Free-text object descriptions:
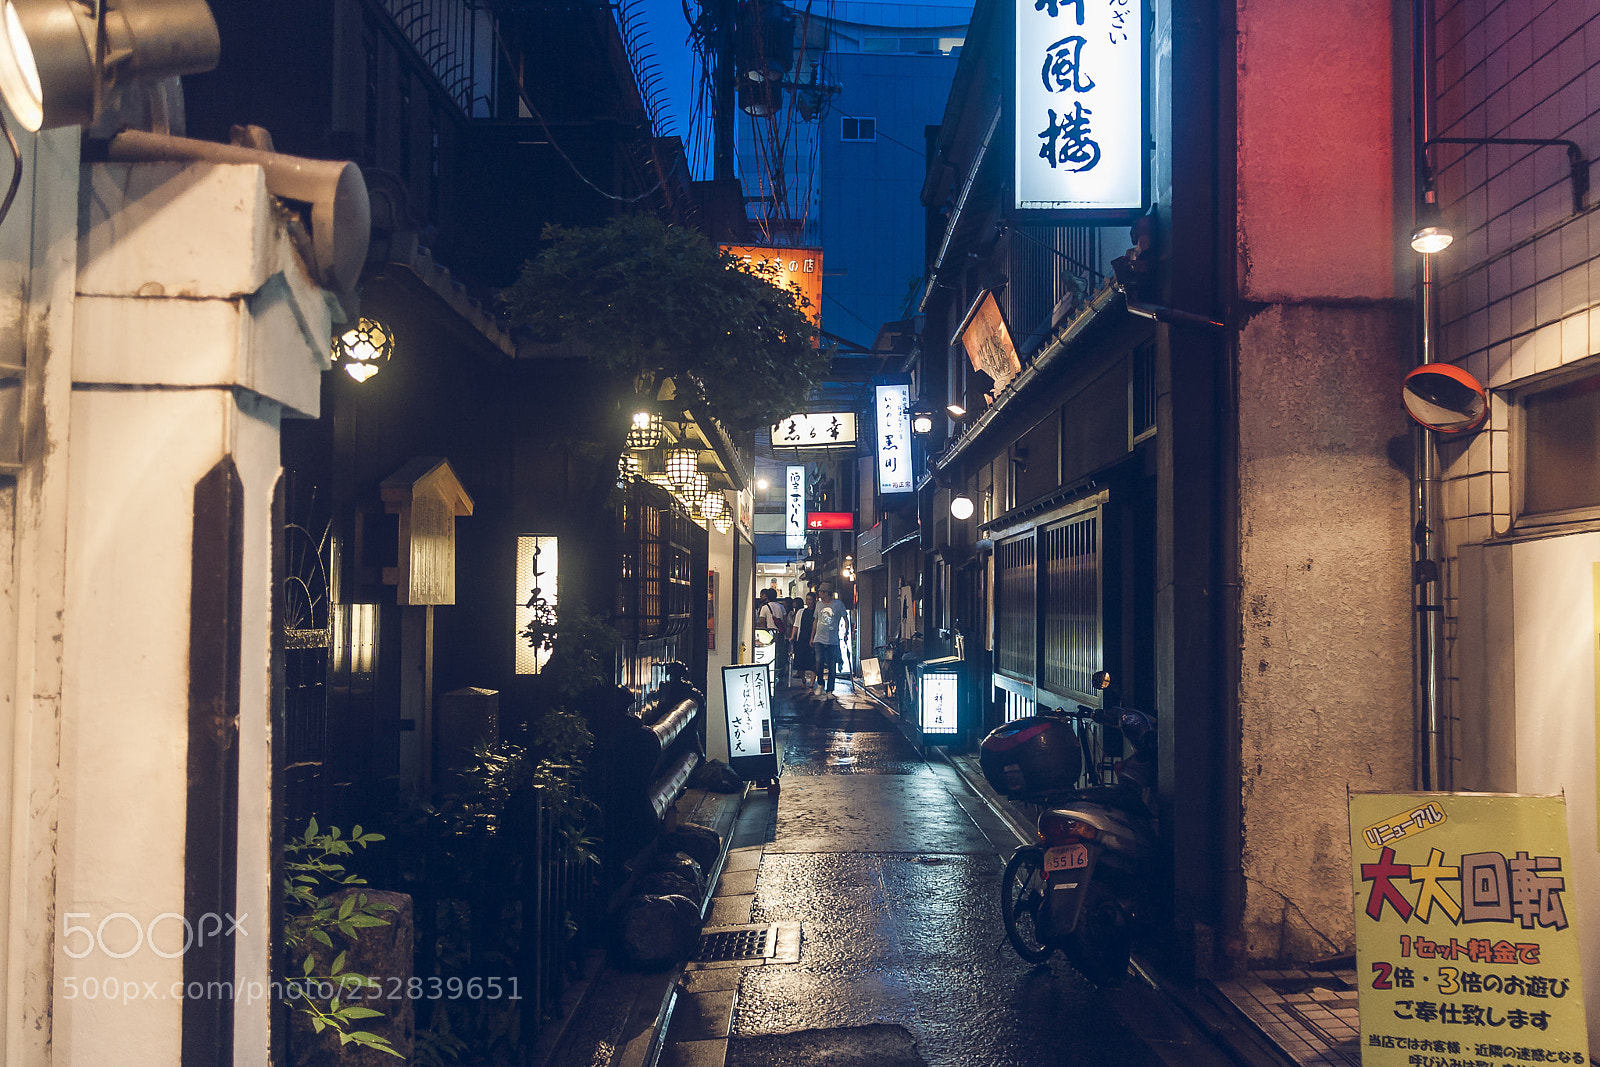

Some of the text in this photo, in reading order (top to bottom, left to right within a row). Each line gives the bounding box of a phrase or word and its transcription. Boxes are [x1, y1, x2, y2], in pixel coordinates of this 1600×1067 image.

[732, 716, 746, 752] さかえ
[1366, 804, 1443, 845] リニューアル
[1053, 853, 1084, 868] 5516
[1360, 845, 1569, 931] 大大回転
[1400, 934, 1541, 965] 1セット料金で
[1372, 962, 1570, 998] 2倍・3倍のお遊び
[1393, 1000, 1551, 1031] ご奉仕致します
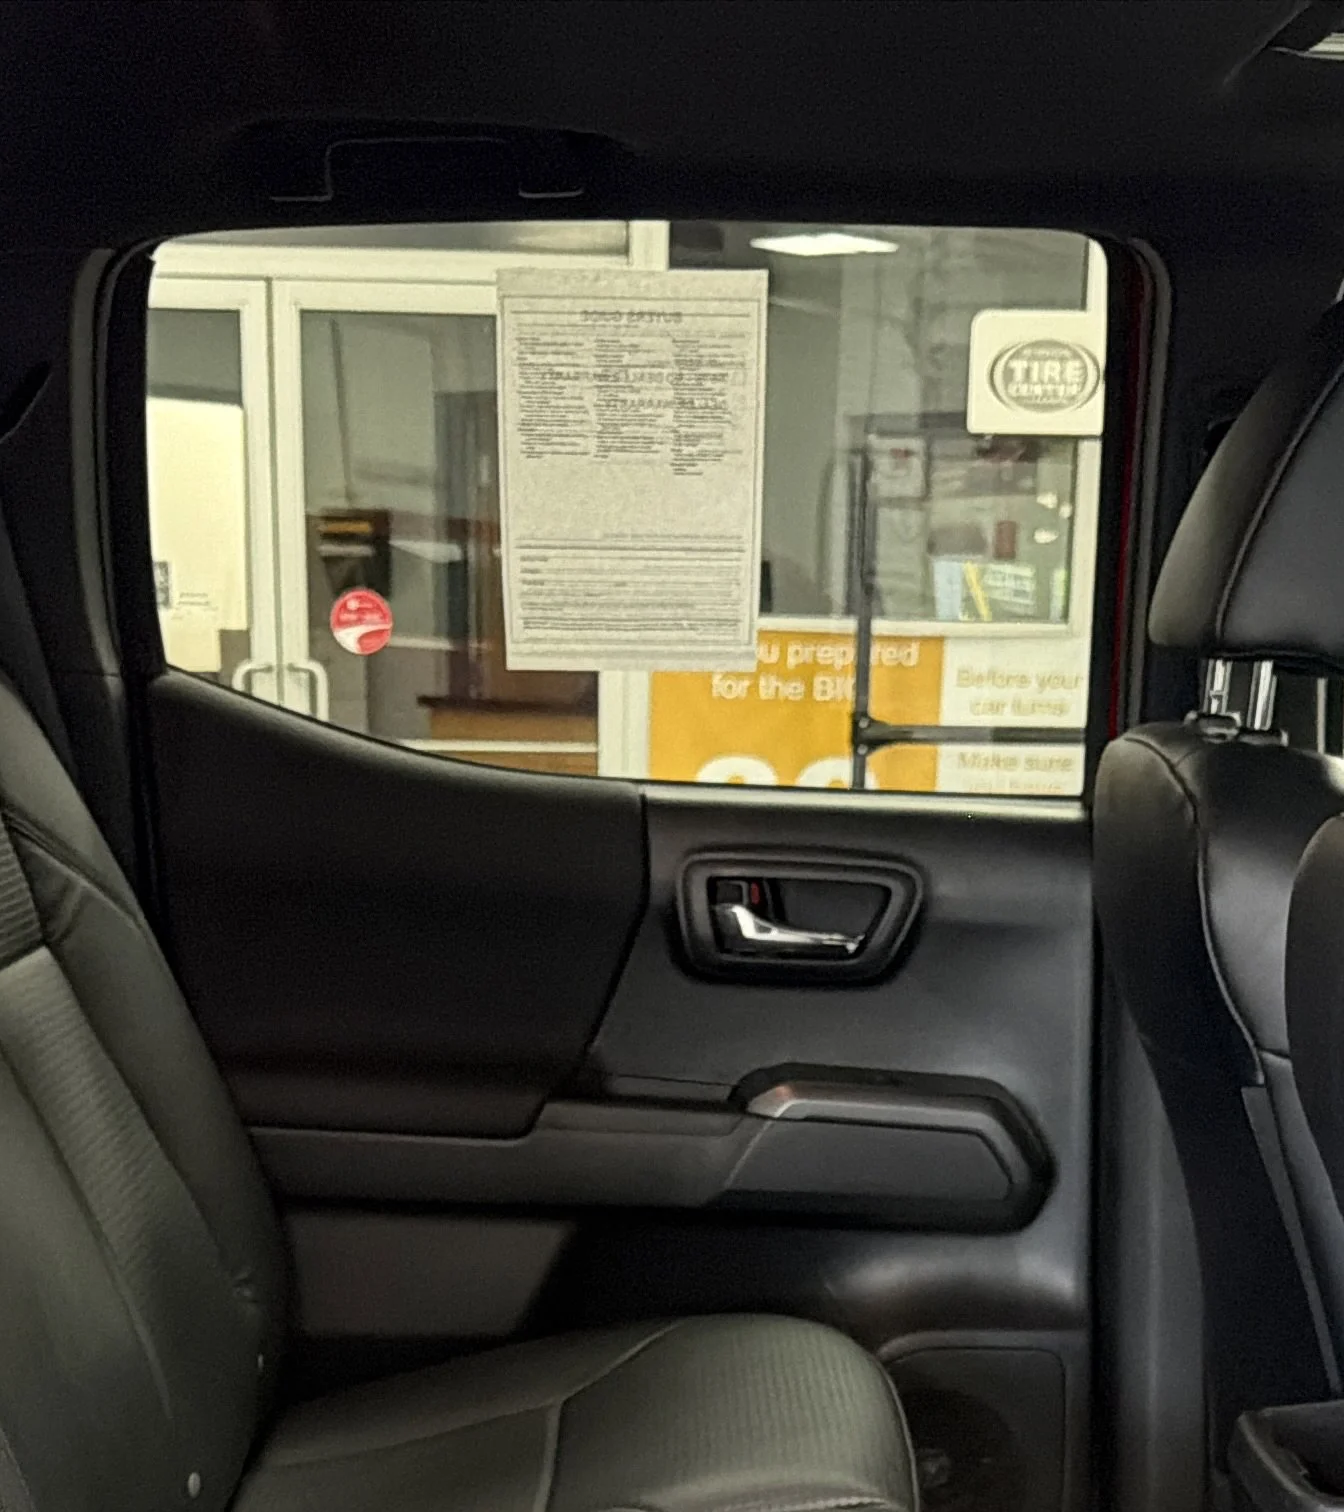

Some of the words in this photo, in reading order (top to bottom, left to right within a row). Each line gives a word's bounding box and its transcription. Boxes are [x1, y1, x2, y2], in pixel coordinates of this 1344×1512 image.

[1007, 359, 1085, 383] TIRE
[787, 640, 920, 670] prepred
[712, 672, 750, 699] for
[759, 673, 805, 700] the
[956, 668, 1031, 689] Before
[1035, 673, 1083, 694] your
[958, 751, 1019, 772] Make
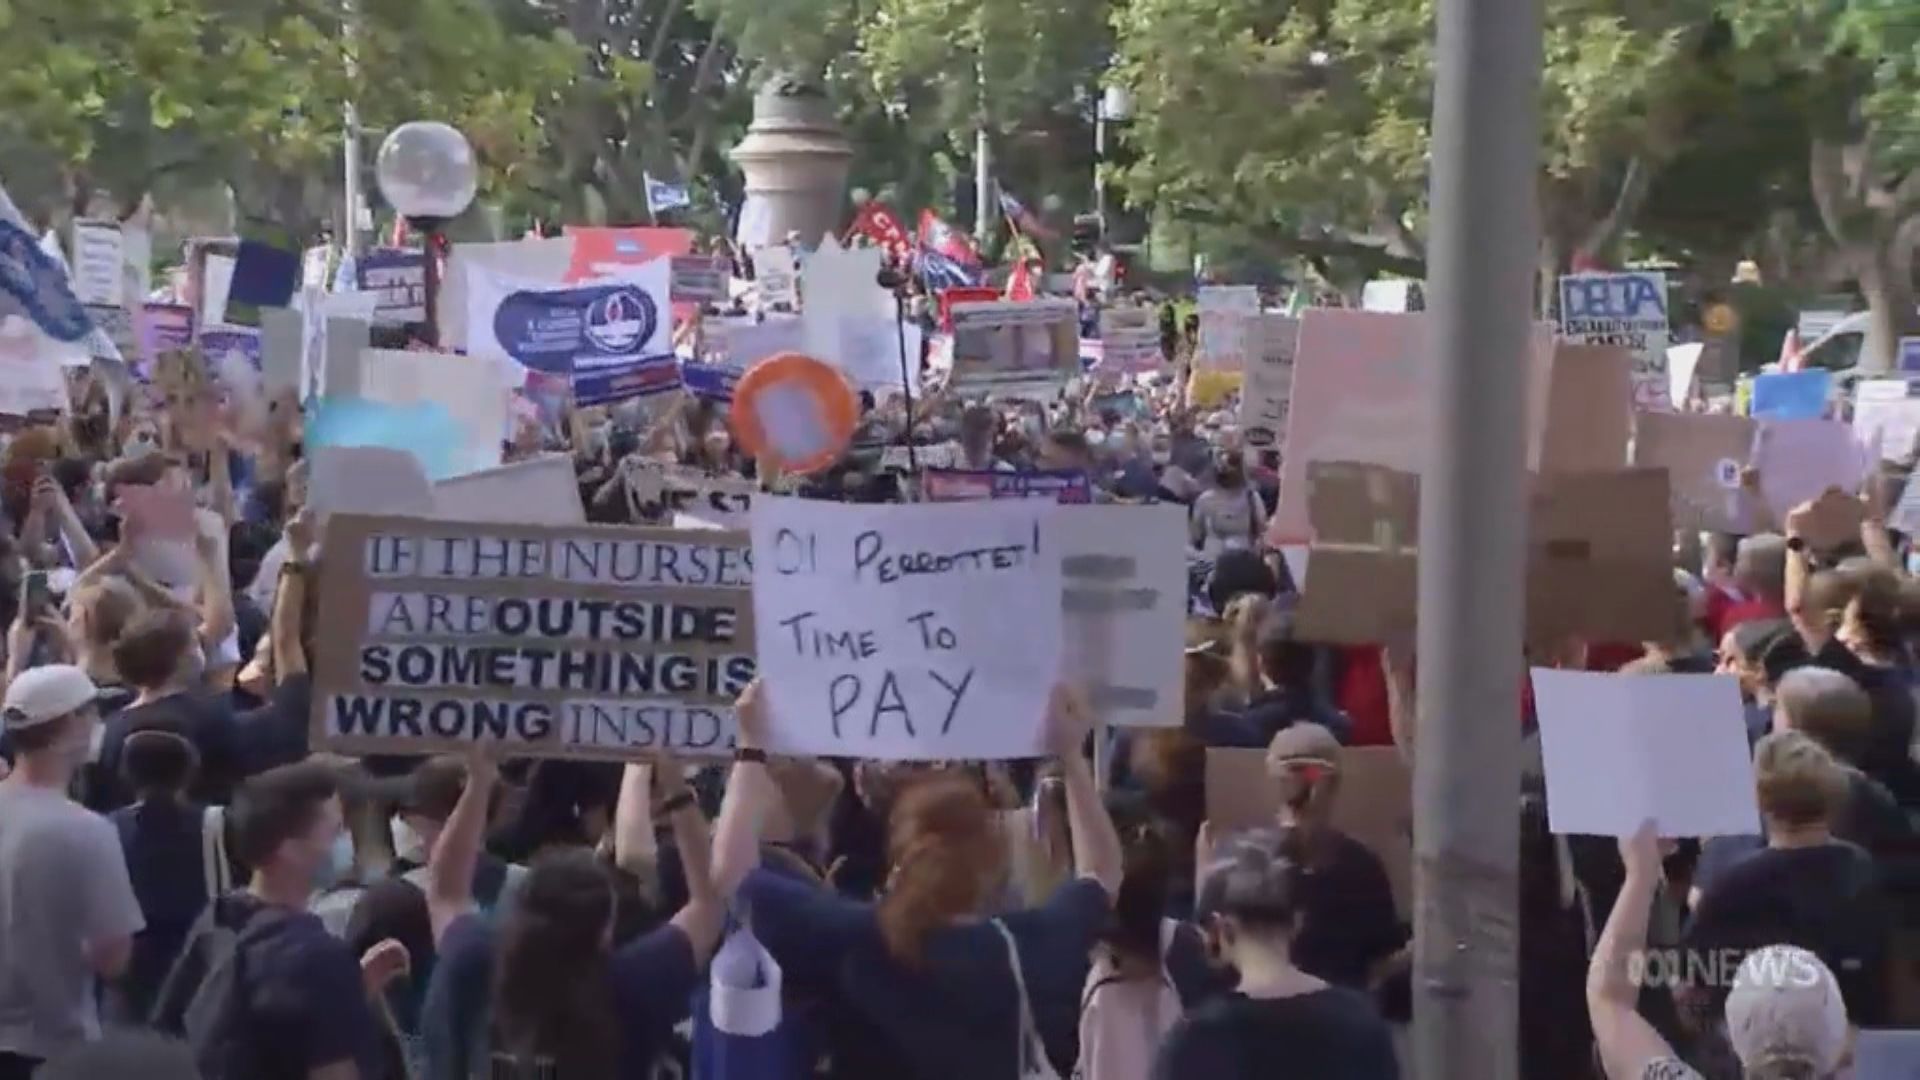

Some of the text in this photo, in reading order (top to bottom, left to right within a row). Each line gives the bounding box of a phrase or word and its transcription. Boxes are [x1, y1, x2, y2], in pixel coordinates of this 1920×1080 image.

## WORK TO COMPLETE
Render the data above verbatim and without pictures.

## SOLUTION
Some of the text in this photo, in reading order (top to bottom, left to right within a row). Each line gives the bounding box of a phrase or word and its transcription. Boxes are [x1, y1, x2, y2], in pixel coordinates of this 1600×1067 image.

[732, 716, 746, 752] さかえ
[1366, 804, 1443, 845] リニューアル
[1053, 853, 1084, 868] 5516
[1360, 845, 1569, 931] 大大回転
[1400, 934, 1541, 965] 1セット料金で
[1372, 962, 1570, 998] 2倍・3倍のお遊び
[1393, 1000, 1551, 1031] ご奉仕致します

Some of the words in this photo, in reading order (top to bottom, left to right within a row). Each line gives a word's bounding box and its transcription. Boxes are [x1, y1, x2, y2], in pixel coordinates of this 1344×1512 image.

[1007, 359, 1085, 383] TIRE
[787, 640, 920, 670] prepred
[712, 672, 750, 699] for
[759, 673, 805, 700] the
[956, 668, 1031, 689] Before
[1035, 673, 1083, 694] your
[958, 751, 1019, 772] Make

Some of the text in this photo, in reading order (top to bottom, left to right within a row). Each line gives the bounding box of a phrase or word and its transcription. Boxes are [x1, y1, x2, y2], in pixel coordinates of this 1920×1080 image.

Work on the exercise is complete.